Já a história do nome “Amoladores de Facas” é mais complexa, interessante e divertida. No meu primeiro semestre no curso de Psicologia, tivemos o prazer de ler o primeiro e o segundo capítulos do livro “A Cidade dos Sábios”, por Luis Antônio Baptista, para a disciplina de Psicologia Social I. Pessoalmente, acredito que a melhor definição para este livro é utter crap, que em inglês coloquial significa “besteira total”. Para os que entendem um pouco o “Universo Psi” (este termo criado por membros de nossa própria classe, e demonstra de maneira impecável nosso autismo em relação às coisas externas à Psicologia), imaginam que eu, sendo um estudante de primeiro semestre na época e portanto sem filiação à linha teórica alguma, gostei dos textos, e fiquei bastante entusiasmado com as discussões subseqüentes à leitura, apesar de não ter entendido nem a metade do que tinha lido. O primeiro capítulo desta obra prima da literatura de banheiro brasileira não era linear, mas dividido em vários casos menores, diferentes e aparentemente não relacionadas umas com as outras, exceto pelo fato que contavam as histórias de pessoas vítimas de uma sociedade cruel e insensível, dirigida por eminentes médicos e especialistas que destruíam a subjetividade humana com suas “disciplinas de controle tecnológicas”, e composta por um grande número de pessoas que o autor denominou “amoladores de facas”, pessoas que não dão a punhalada final, mas que estão sempre a afiar a fria faca que daria o golpe final. Algum tempo depois desta leitura, dois ou três meses, me sentia desconfortável com as aulas de Psicologia Social e seu sentimentalismo político exacerbado, e percebi que outras pessoas compartilhavam este sentimento. Por puro deboche, passamos a nos denominar “amoladores de facas” e que, ao contrário do que diz Baptista, somos poucos, somos ágeis, amamos ciência e tecnologia e possuímos um forte espírito de contestação (tão forte que alguns de nós considera o uso da palavra “espírito” um exemplo de crendice na Psicologia). Mas ele estava certo em um ponto: somos cruéis. Ou melhor dizendo, cáusticos. Nos inspiramos em pessoas como William James, Karl Popper e Gregory House.

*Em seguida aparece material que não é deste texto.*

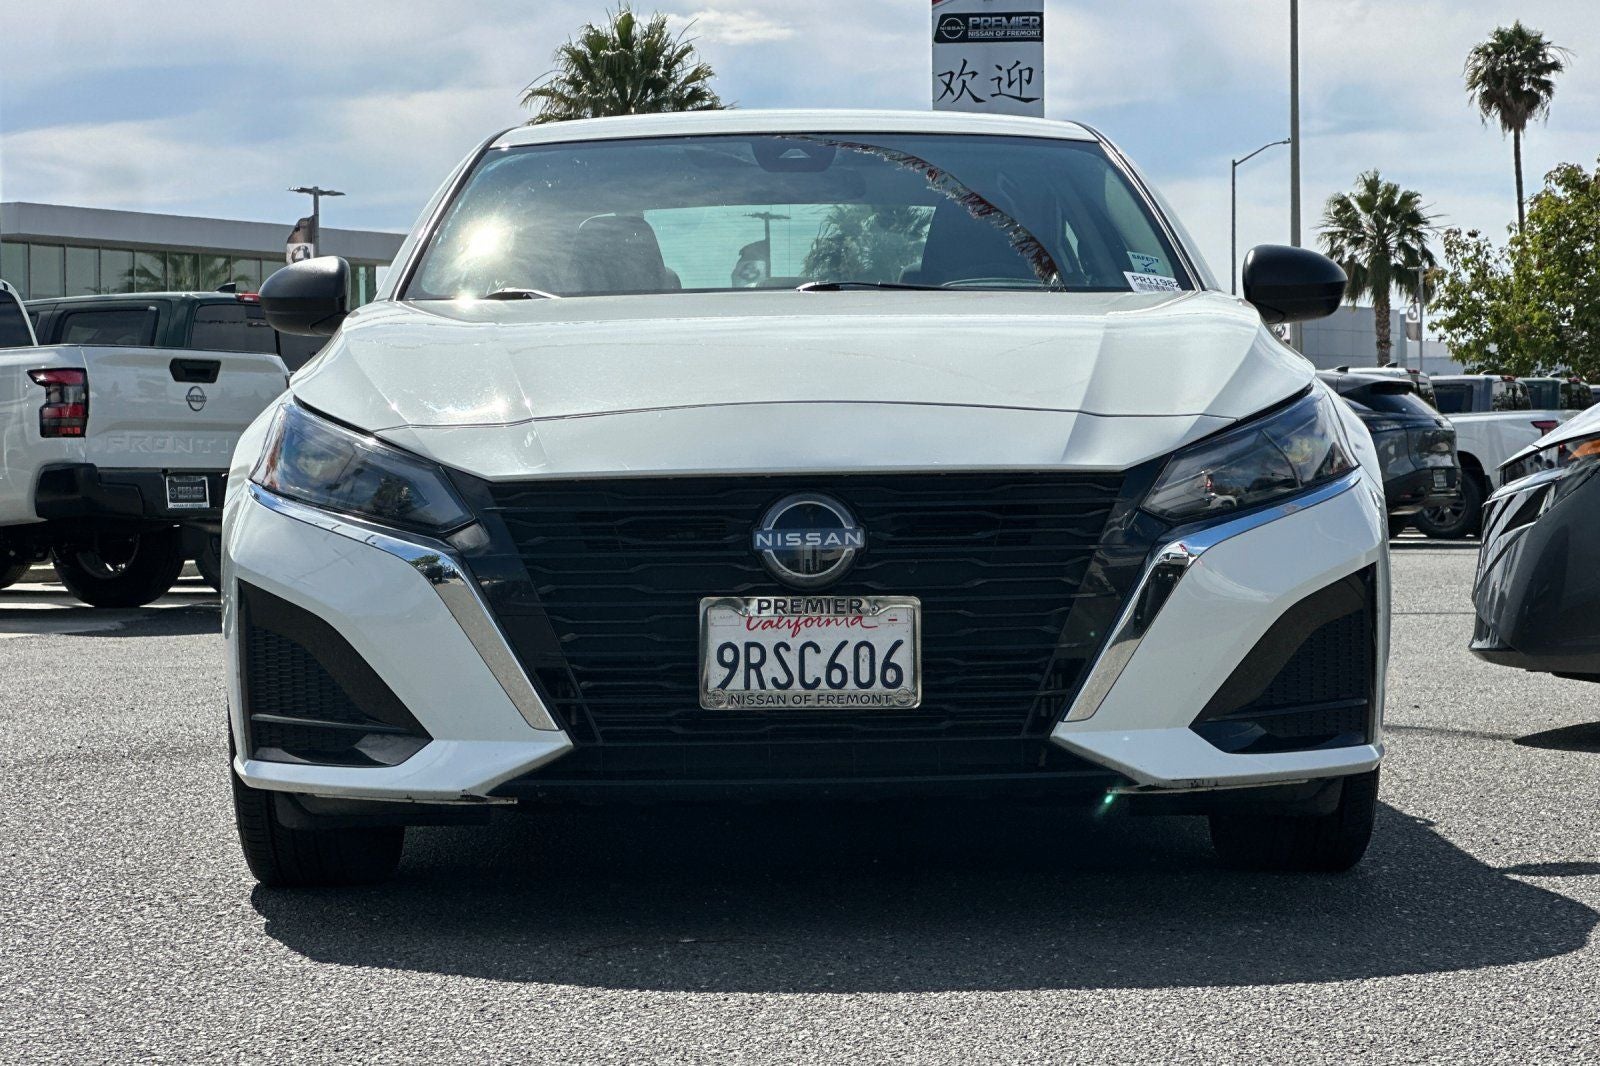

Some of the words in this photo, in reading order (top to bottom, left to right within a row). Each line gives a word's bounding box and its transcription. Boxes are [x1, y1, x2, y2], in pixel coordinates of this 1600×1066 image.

[968, 16, 1040, 30] PREMIER
[937, 58, 1041, 103] 欢迎
[756, 532, 862, 547] NISSAN
[757, 598, 863, 615] PREMIER
[746, 614, 878, 638] California
[716, 639, 904, 690] 9RSC606
[730, 694, 787, 705] NISSAN
[792, 694, 812, 705] OF
[817, 694, 890, 705] FREMONT

O primeiro foi o fundador da Psicologia e da Filosofia nos Estados Unidos, o segundo um dos mais influentes epistemólogos do mundo e o terceiro um médico de ficção famoso por suas habilidades de diagnóstico e brutal honestidade. Poderia citar muitos outros aqui, mas cito apenas estes três por representarem de forma perfeita as qualidades que admiramos: raciocínio lógico, clareza de pensamento e capacidade de elaborar frases curtas, grossas, altamente cortantes e ainda assim hilariantes em curtíssimos período de tempo. Pessoalmente, ser um Amolador de Facas ganhou um outro significado: de estar constantemente afiando a própria mente, sempre preparado para discutir de forma democrática e aberta, pronto para rebater contra-argumentos ruins e reconsiderar a própria posição diante dos fatos, ao invés de se agarrar a uma crença até a morte e atacar pessoalmente aqueles opostos à minha opinião.

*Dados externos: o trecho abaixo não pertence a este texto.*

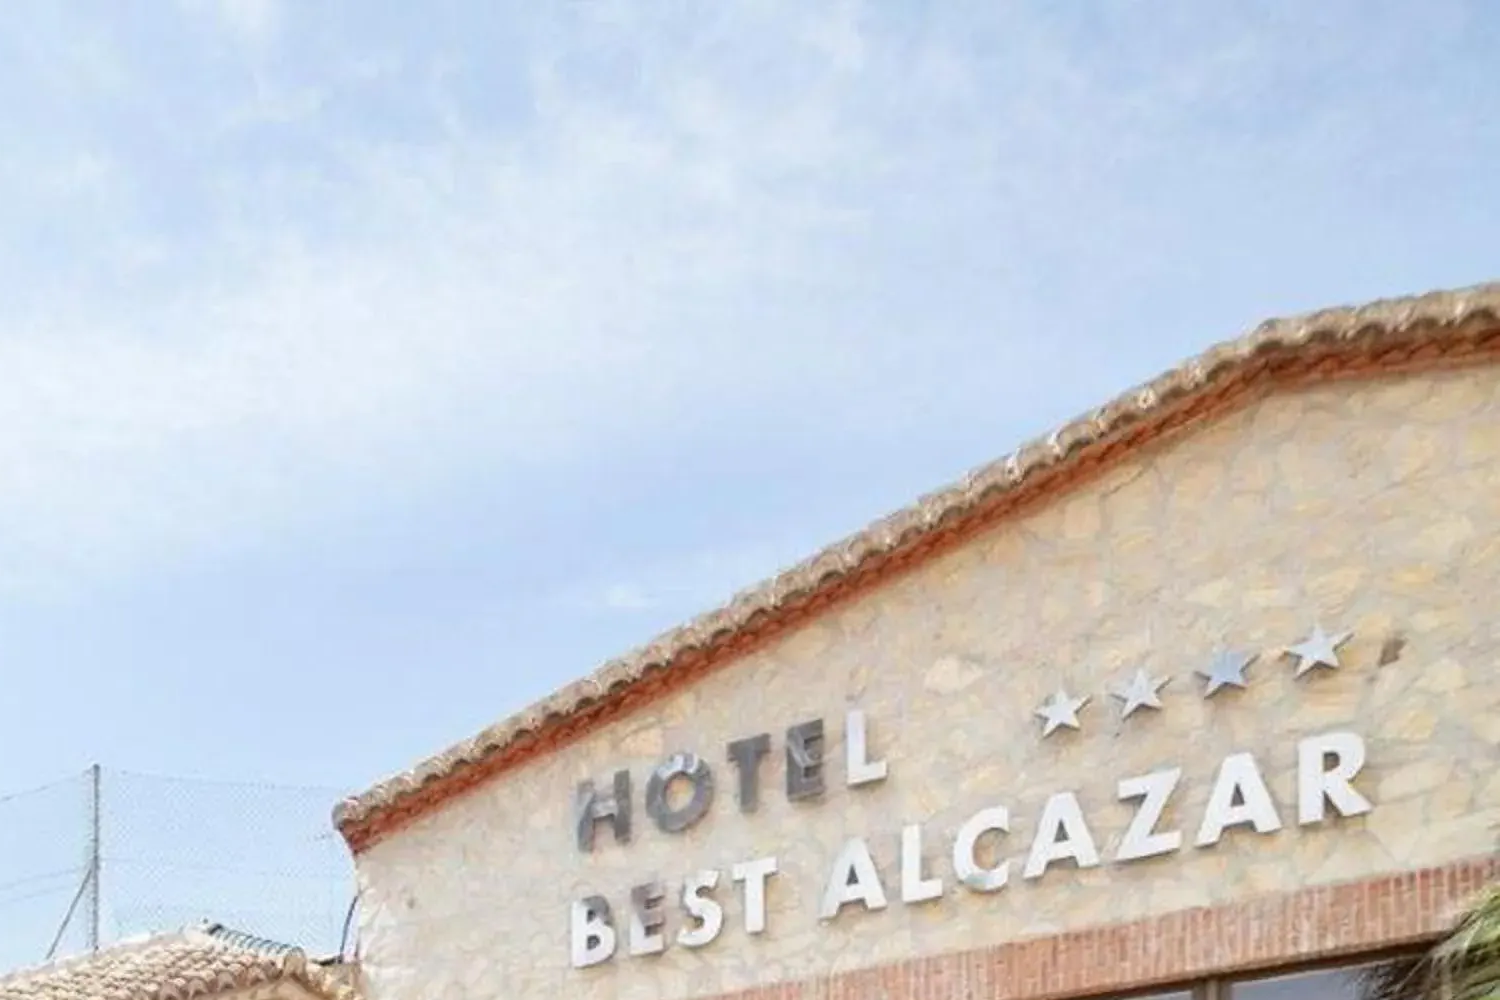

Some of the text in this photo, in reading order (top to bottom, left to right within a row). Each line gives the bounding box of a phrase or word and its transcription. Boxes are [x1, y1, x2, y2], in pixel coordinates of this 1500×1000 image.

[571, 731, 1373, 969] BEST ALCAZAR
[577, 711, 888, 851] HOTEL
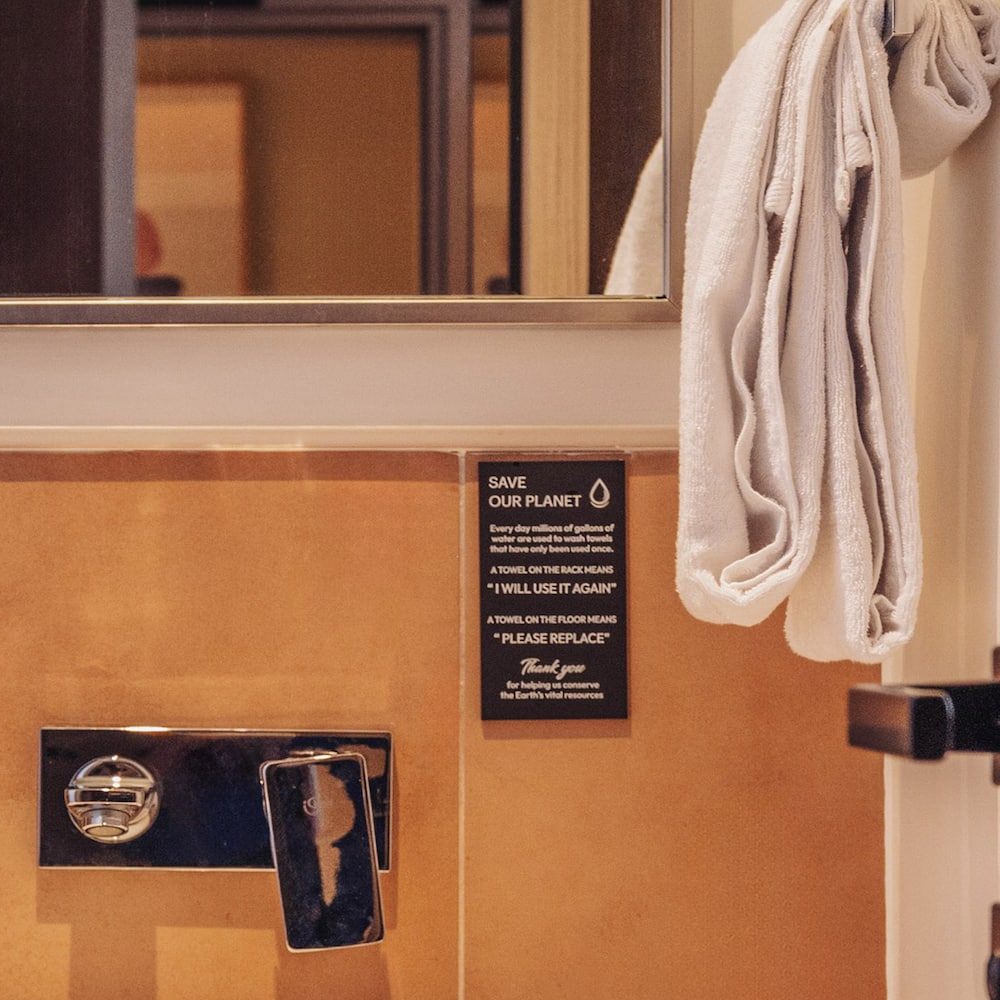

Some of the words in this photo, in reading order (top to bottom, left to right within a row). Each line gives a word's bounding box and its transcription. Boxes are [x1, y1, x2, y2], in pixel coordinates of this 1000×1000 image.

[488, 476, 527, 489] SAVE
[488, 495, 522, 507] OUR
[525, 495, 582, 507] PLANET
[489, 524, 513, 534] Every
[515, 524, 530, 534] day
[532, 524, 562, 532] millions
[564, 524, 573, 532] of
[574, 524, 603, 534] gallons
[605, 524, 615, 532] of
[532, 534, 551, 542] used
[564, 534, 585, 542] wash
[586, 534, 613, 542] towels
[490, 545, 507, 553] that
[509, 545, 529, 553] have
[530, 545, 548, 554] only
[549, 545, 570, 553] been
[571, 545, 590, 553] used
[490, 566, 498, 574] A
[498, 566, 528, 574] TOWEL
[528, 566, 543, 574] ON
[543, 566, 560, 574] THE
[561, 566, 583, 574] RACK
[584, 566, 614, 574] MEANS
[501, 583, 532, 594] WILL
[533, 583, 558, 594] USE
[559, 583, 571, 594] IT
[487, 616, 495, 624] A
[495, 616, 525, 624] TOWEL
[525, 616, 540, 624] ON
[540, 616, 557, 624] THE
[558, 616, 587, 624] FLOOR
[587, 615, 617, 624] MEANS
[520, 658, 560, 675] Thank
[555, 663, 586, 680] you
[506, 681, 520, 689] for
[521, 681, 551, 690] helping

Enfim, o blog dos Amoladores de Facas está por demais ligado a assuntos científicos e, portanto, não há espaço lá para que eu possa falar de tópicos mais amenos, como arte, literatura ou minha vida pessoal. Poderia fazer isto sob o disfarce de um estudo fenomenológico, ou à guisa de iniciar um artigo mais sério, mas ainda assim não me sentiria a vontade, pois ainda seria uma peça deslocada.

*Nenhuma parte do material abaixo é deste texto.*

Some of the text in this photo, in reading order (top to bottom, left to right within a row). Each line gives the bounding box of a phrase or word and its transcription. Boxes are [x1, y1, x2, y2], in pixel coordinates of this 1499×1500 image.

Então, baseado nesta sensação de que as palavras escolhidas para nomear os outros blogs em que escrevo me tolhem a escrita (algo bastante paradoxal), decidi criar meu próprio blog. Essa era uma idéia antiga, que me passava pela cabeça todas as vezes que desapontava-me com o Roqueiro & Alcoólatra, seja por ser o único ali a fazer atualizações com constância, seja por que sentia-me de mãos atadas pelo título e subtítulo do blog. Mas descartava essa possibilidade, pois acreditava que poderia escrever tudo que quisesse ali mesmo, e por que encarava como traição ao Huginn, amigo há tanto tempo, escrever em outro lugar. Mas essa idéia voltou, e com força total há dois dias atrás, quando me encontrei com uma amiga para pôr a conversa em dia. Assídua leitora de meus posts, pela primeira vez ouvia críticas dela sobre minhas atualizações. Segundo ela, estava obcecado tão com números, médias estatísticas e “mostrar serviço” que deixei de lado aquilo que faz meus textos tão bons de ler: o empenho e a qualidade. De fato, ela estava certa, pois tinha metido em minha cabeça que este ano o R&A teria pelo menos três atualizações diárias, e que para isso eu faria mais posts com imagens e vídeos, e diminuiria o volume de conteúdo escrito, que várias vezes fora criticado pelo Huginn por ser extenso demais. E devo acrescentar que minhas atualizações mais recentes não são só ruins de ler: foram ruins de escrever. Era sempre um processo não-natural, forçado. Várias vezes por dia me via pensando “preciso atualizar... estou oito posts atrás do previso... faço quatro posts hoje, quatro amanhã e assim eu consigo por as coisas em dia”. Era como espremer frutas cristalizadas para fazer suco. Além disso, como descobri há pouco tempo, frustrei uma companheira de blog por causa dessa minha atitude obsessiva.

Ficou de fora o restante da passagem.